Problem: A square table has a coin at each corner. Design an execution sequence, each of whose steps consists of one of the following operations:
* ONE (O): The operation chooses a coin (possibly a different one with each execution of the operation) and flips it.
* SIDE (S): The operation chooses a side of the table and flips the two coins along that side.
* DIAG (D): The operation chooses a diagonal of the table and flips the two coins along that diagonal.
such that at some point during the execution (not necessarily at the end), a state where all coins are turned the same way (all heads or all tails) obtains.
Solution:
There are 3 types of configuration possible:
(a) all coins have same face up
(b) 3 coins have same face up (and 1 has the other face up)
(c) 2 coins have same face up (and other 2 have the other face up)
Config (a) is the desired final position. Configs (b) and (c) are potentially one step away from the final position F (where all coins have same side facing up). However, is there a config such that we can choose one of O, S or D and then we are guaranteed to reach the final desired position F ? Yes, there is. A special case of config (c) where the diagonally opposite coins have same face up is such a penultimate position:
H T T H
T H or H T
Applying the D operation here will definitely result in F.
Perhaps our goal then should be to reach this position F' from other positions.
If two coins along a side have same face up, then F can be reached through F' by the following sequence: S, D.
Therefore, F can be reached from config (c) by the following sequence: D, S, D.

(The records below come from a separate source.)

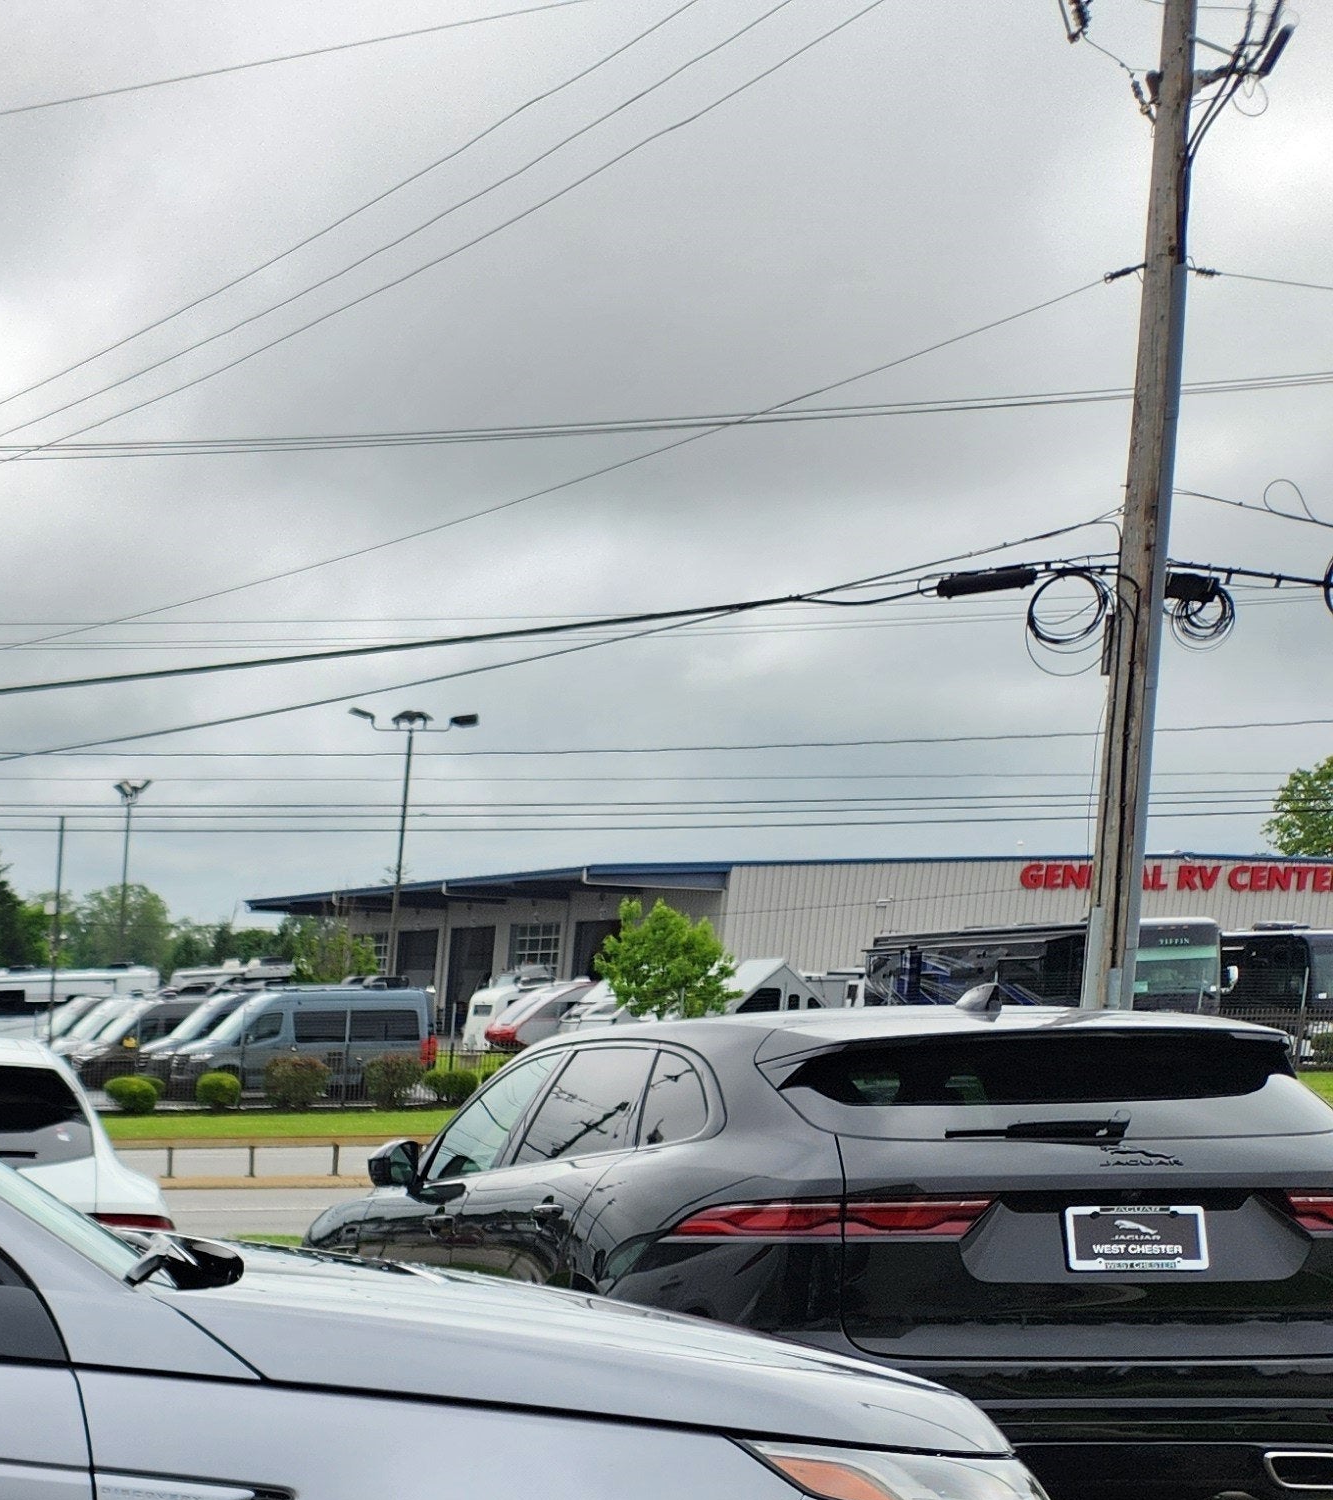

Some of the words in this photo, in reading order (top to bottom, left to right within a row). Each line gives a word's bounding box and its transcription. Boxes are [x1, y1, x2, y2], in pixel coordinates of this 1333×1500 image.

[1019, 863, 1168, 891] GENL
[1177, 865, 1221, 891] RV
[1228, 865, 1333, 892] CENTE
[1093, 1244, 1126, 1254] WEST
[1128, 1244, 1183, 1254] CHESTER
[101, 1486, 203, 1500] DISCOVERY

If a single coin is face up, then we have the following sequence towards F: O, D, S, D.
Applying this sequence to config (b) will definitely lead to F. Applying this sequence to config (c) however might result in config (b). Therefore this sequence must be repeated:
O, D, S, D, O, D, S, D.
This is the desired sequence of operations which will guarantee that the final position F is reached at some time during its execution.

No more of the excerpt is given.